San Domenico Church in Siena is an obligatory stop for devotees of Saint Catherine. It is in fact the resting place of the saint’s head. A macabre testimonial to medieval religious zeal, and a chance to get to know more about the patron saint of Italy.
This massive red brick Gothic building on the top of the hill of Camporegio has been home to the Dominican order in Siena since 1226. The edifice itself might not have a great appeal with its severe lines and lack of decorative interest, but it’s a must if you want to know more about Saint Catherine. And there’s the bonus of some fine views over the city.

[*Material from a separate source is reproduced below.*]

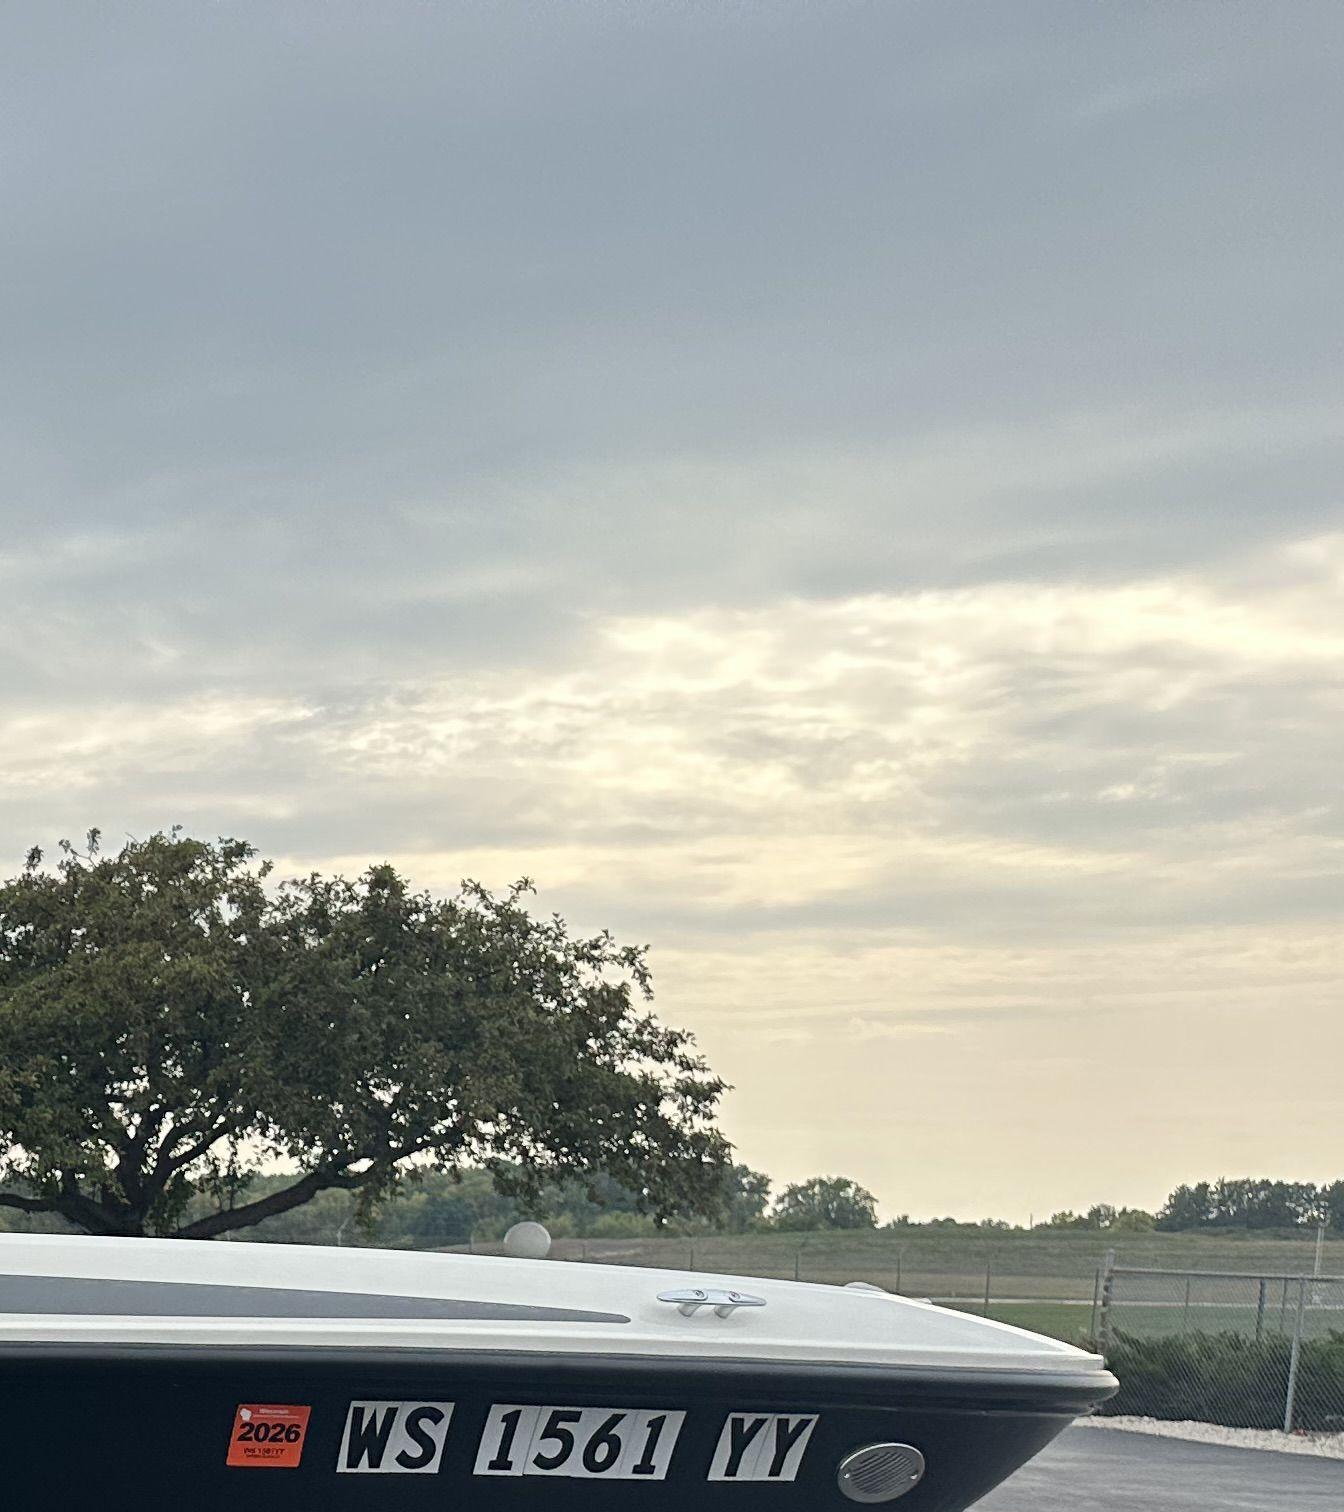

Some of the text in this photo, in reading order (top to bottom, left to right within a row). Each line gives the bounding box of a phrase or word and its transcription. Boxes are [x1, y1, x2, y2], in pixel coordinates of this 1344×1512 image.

For the perfect day in Siena, check our Siena in a day itinerary.
Who was Saint Catherine?
Consecrated herself to God as a little girl, Catherine refused to get married and in 1363 received the Dominican habit. She became a member of the “Mantellate” (coated) or Third Order Dominicans who used to meet every day in this Basilica. It was here the San Domenico Church that she used to spend hours absorbed in prayer and receive her mystical visions and ecstasies. Right above the church’s roof, she had her first vision of Christ dressed as a king, when she was still a child. In Siena you can also visit her house.
What to see in San Domenico Church:
Chapel of Saint Catherine – Halfway down the right wall, is an altar with a gilt reliquary case containing the saint’s head. Enclosing it, are two of the best works by the Renaissance painter Sodoma: the “Ecstacy of Santa Caterina”, and the “Fainting of Santa Caterina” after receiving the stigmata (1526). Works that are at once elegant and highly dramatic. On the right wall Francesco Vanni painted “Catherine performing an exorcism” (1596).
For a more lifelike rendition of Catherine’s face, the raised chapel Cappella delle Volte off the west end preserves the only genuine Portrait of St. Catherine, painted by her friend Andrea Vanni. This chapel occupies the spot where the saint and her sisters used to meet and pray.
In the left transept is a richly decorated chapel with the “Maestà” by Guido da Siena in the centre. On the lateral walls there are works by Benvenuto di Giovanni (1483) and Matteo di Giovanni (1493).